- Assigned task
Exact copies of all the entries are required, and no pictures should appear in them.

- Source information
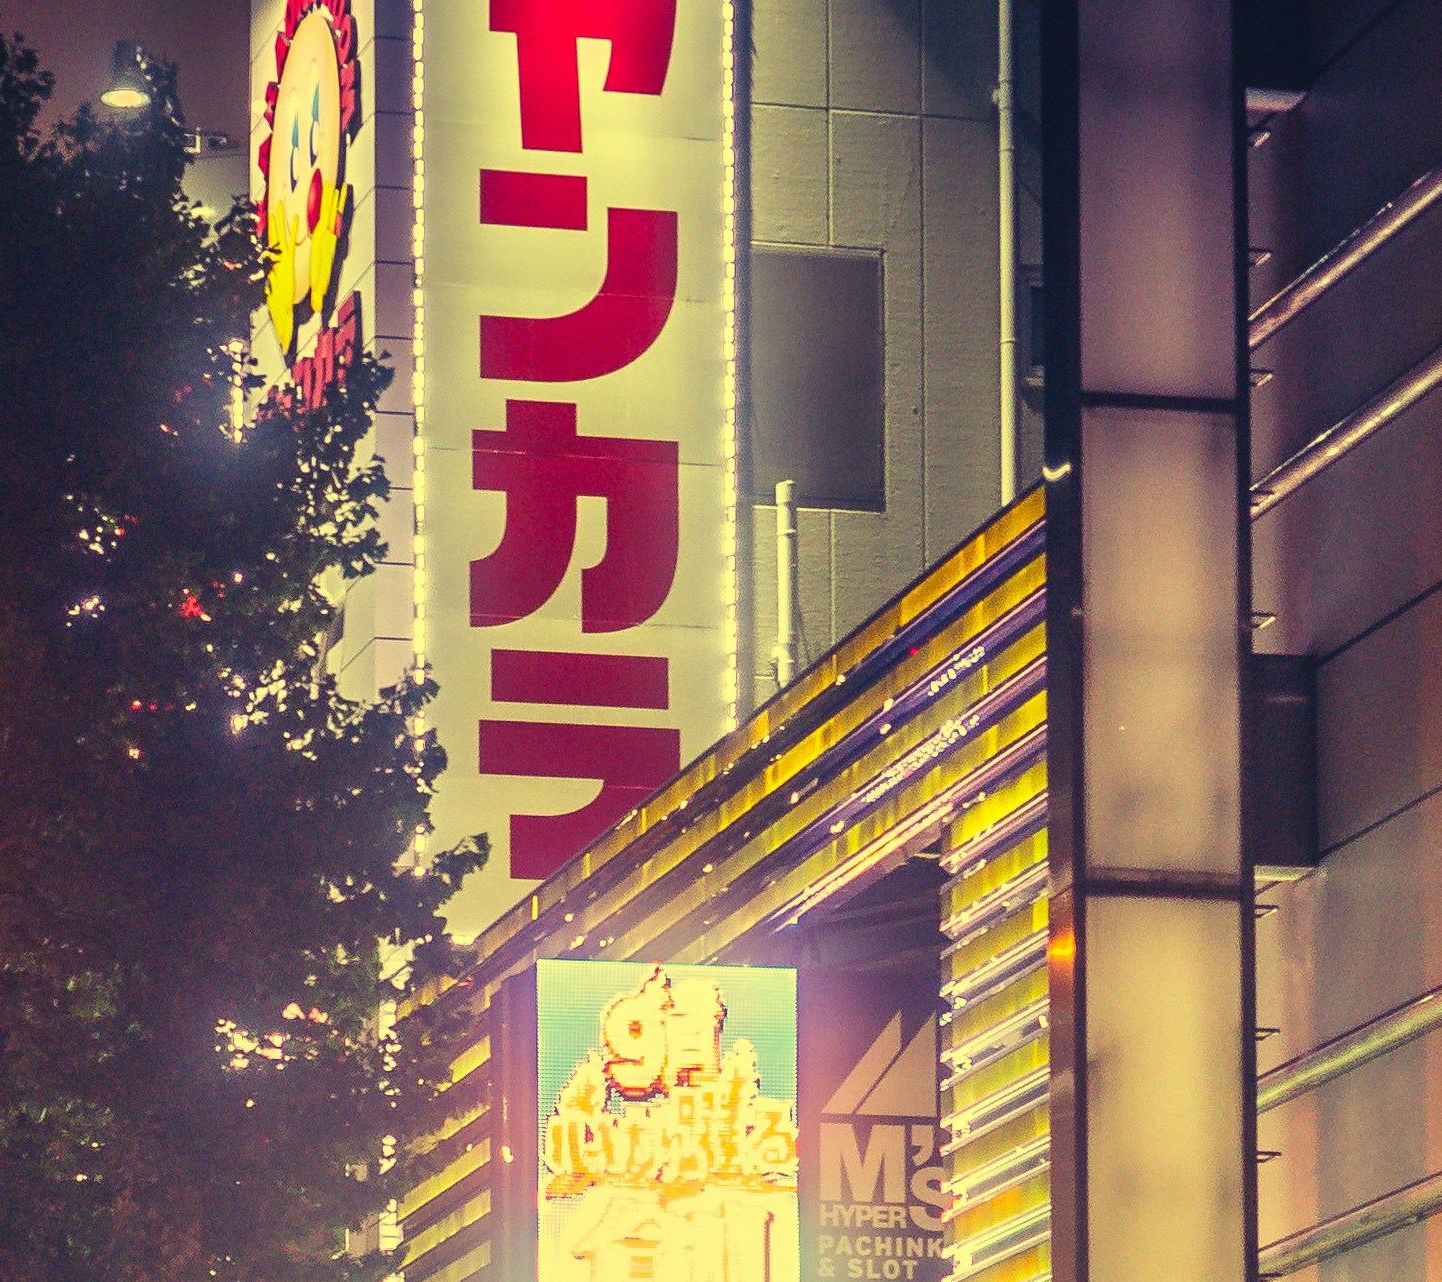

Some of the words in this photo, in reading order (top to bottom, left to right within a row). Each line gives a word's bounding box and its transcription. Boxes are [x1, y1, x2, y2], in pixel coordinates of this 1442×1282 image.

[818, 1203, 908, 1229] HYPER
[817, 1234, 943, 1258] PACHINK
[817, 1257, 835, 1279] &
[846, 1257, 919, 1281] SLOT
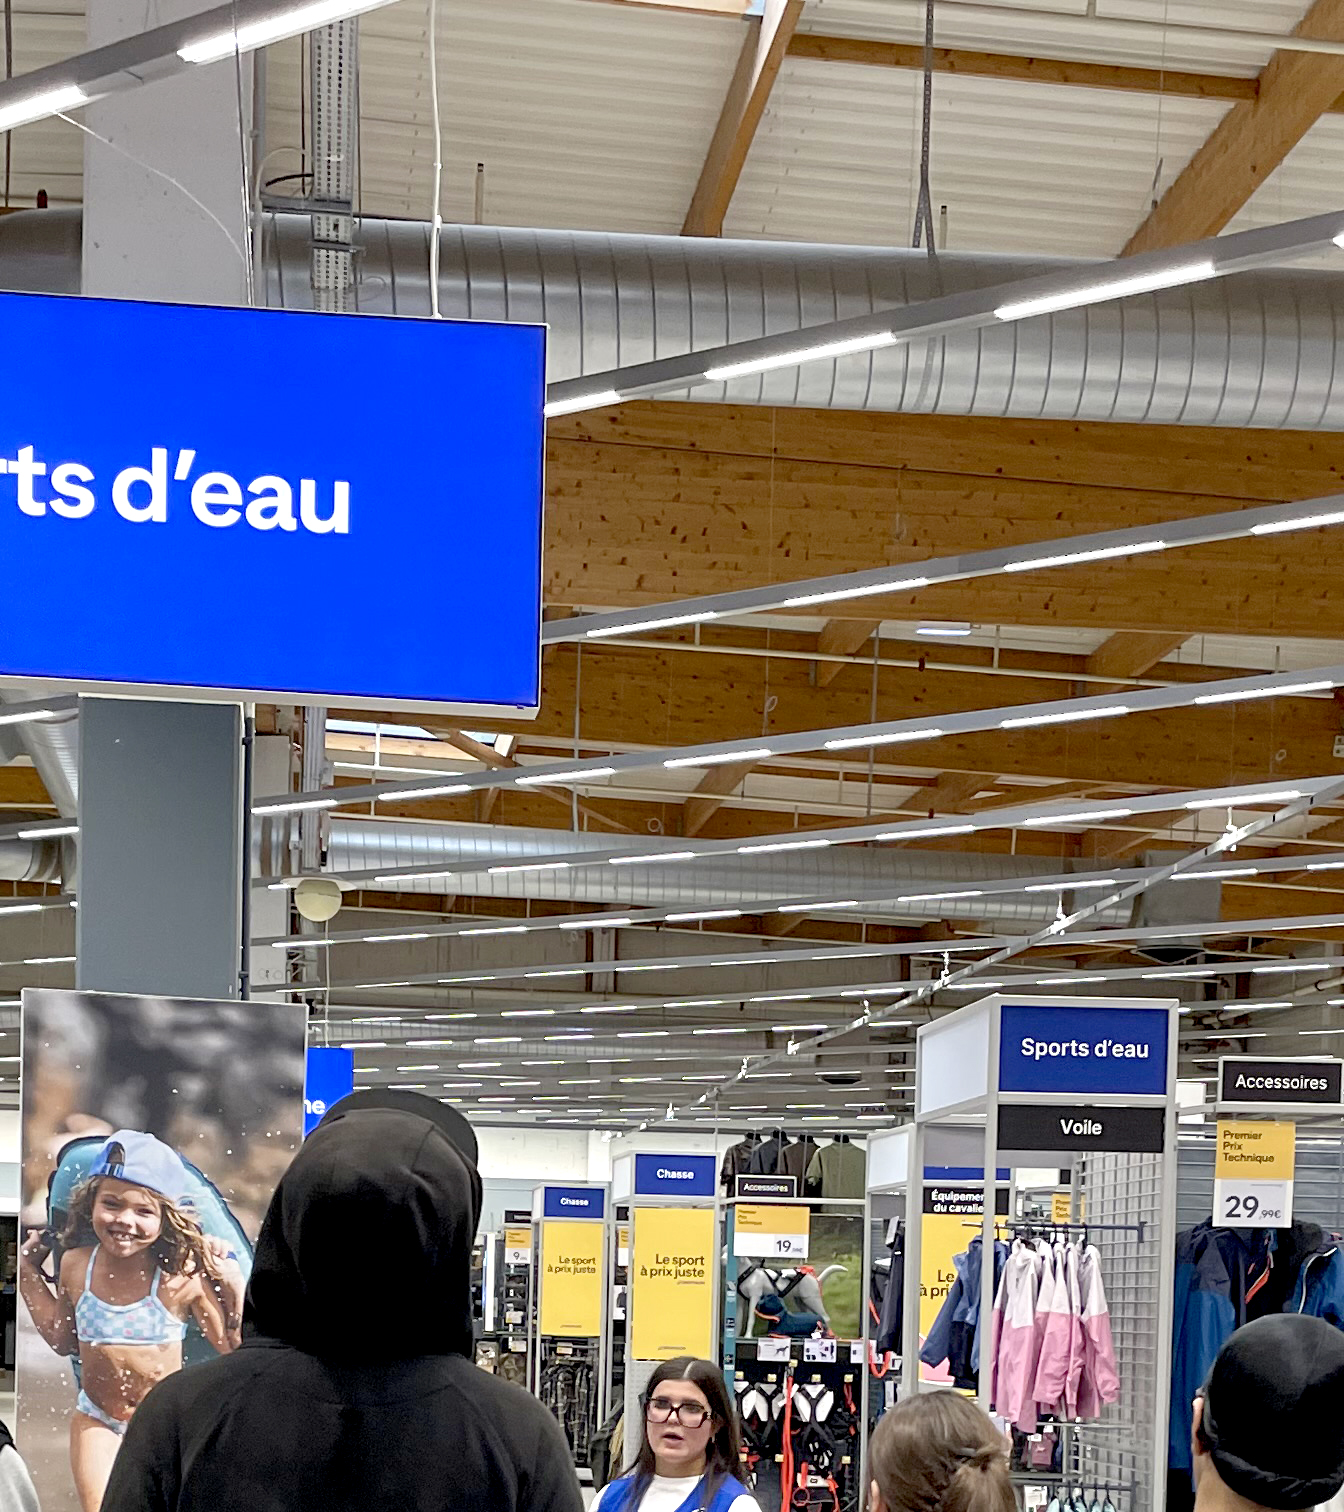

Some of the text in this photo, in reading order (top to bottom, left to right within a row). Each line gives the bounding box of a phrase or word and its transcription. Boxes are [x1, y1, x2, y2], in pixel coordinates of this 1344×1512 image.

[111, 446, 352, 534] d'eau
[1020, 1037, 1150, 1061] Sports d'eau
[1234, 1074, 1329, 1091] Accessoires
[1059, 1118, 1103, 1137] Voile
[1223, 1130, 1263, 1140] Premier
[1223, 1141, 1244, 1151] Prix
[1223, 1152, 1276, 1165] Technique
[656, 1168, 695, 1180] Chasse
[559, 1196, 590, 1207] Chasse
[931, 1188, 984, 1202] Équipeme
[933, 1202, 984, 1213] du cavalie
[558, 1255, 597, 1266] Le sport
[655, 1253, 705, 1268] Le sport
[547, 1263, 596, 1276] à prix juste
[640, 1264, 705, 1280] à prix juste
[937, 1269, 955, 1283] Le
[929, 1283, 950, 1300] pri
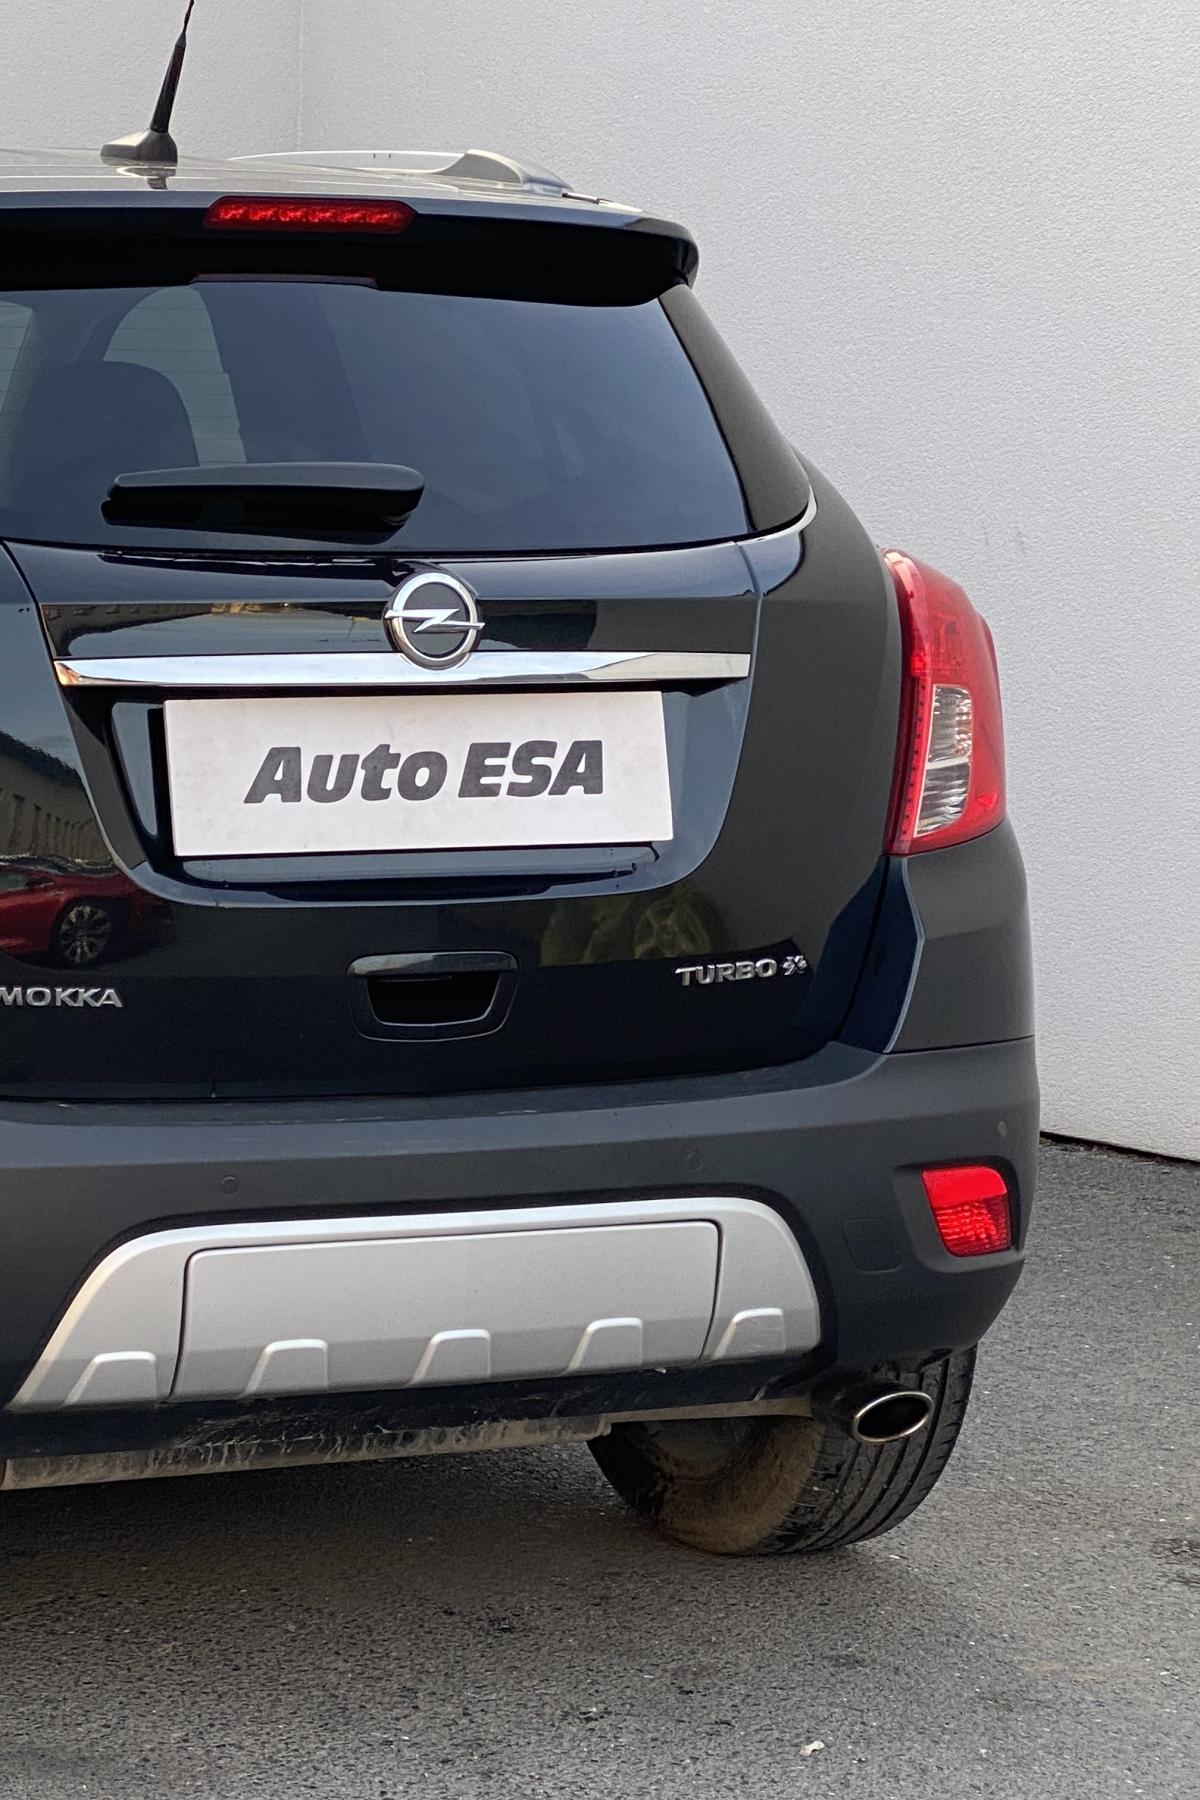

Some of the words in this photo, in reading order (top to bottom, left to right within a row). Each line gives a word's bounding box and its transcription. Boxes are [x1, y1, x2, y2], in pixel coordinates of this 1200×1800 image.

- Task output
Some of the words in this photo, in reading order (top to bottom, left to right within a row). Each line gives a word's bounding box and its transcription. Boxes are [x1, y1, x2, y2], in pixel coordinates of this 1442×1282 image.

[818, 1203, 908, 1229] HYPER
[817, 1234, 943, 1258] PACHINK
[817, 1257, 835, 1279] &
[846, 1257, 919, 1281] SLOT

Some of the text in this photo, in reading order (top to bottom, left to right within a row). Each line gives the bounding box of a phrase or word and its transcription. Boxes are [x1, y1, x2, y2], in pixel coordinates of this 1344×1512 image.

[111, 446, 352, 534] d'eau
[1020, 1037, 1150, 1061] Sports d'eau
[1234, 1074, 1329, 1091] Accessoires
[1059, 1118, 1103, 1137] Voile
[1223, 1130, 1263, 1140] Premier
[1223, 1141, 1244, 1151] Prix
[1223, 1152, 1276, 1165] Technique
[656, 1168, 695, 1180] Chasse
[559, 1196, 590, 1207] Chasse
[931, 1188, 984, 1202] Équipeme
[933, 1202, 984, 1213] du cavalie
[558, 1255, 597, 1266] Le sport
[655, 1253, 705, 1268] Le sport
[547, 1263, 596, 1276] à prix juste
[640, 1264, 705, 1280] à prix juste
[937, 1269, 955, 1283] Le
[929, 1283, 950, 1300] pri

Some of the words in this photo, in reading order (top to bottom, left to right within a row). Each line gives a word's bounding box and its transcription. Boxes are [x1, y1, x2, y2], in pixel coordinates of this 1200×1800 image.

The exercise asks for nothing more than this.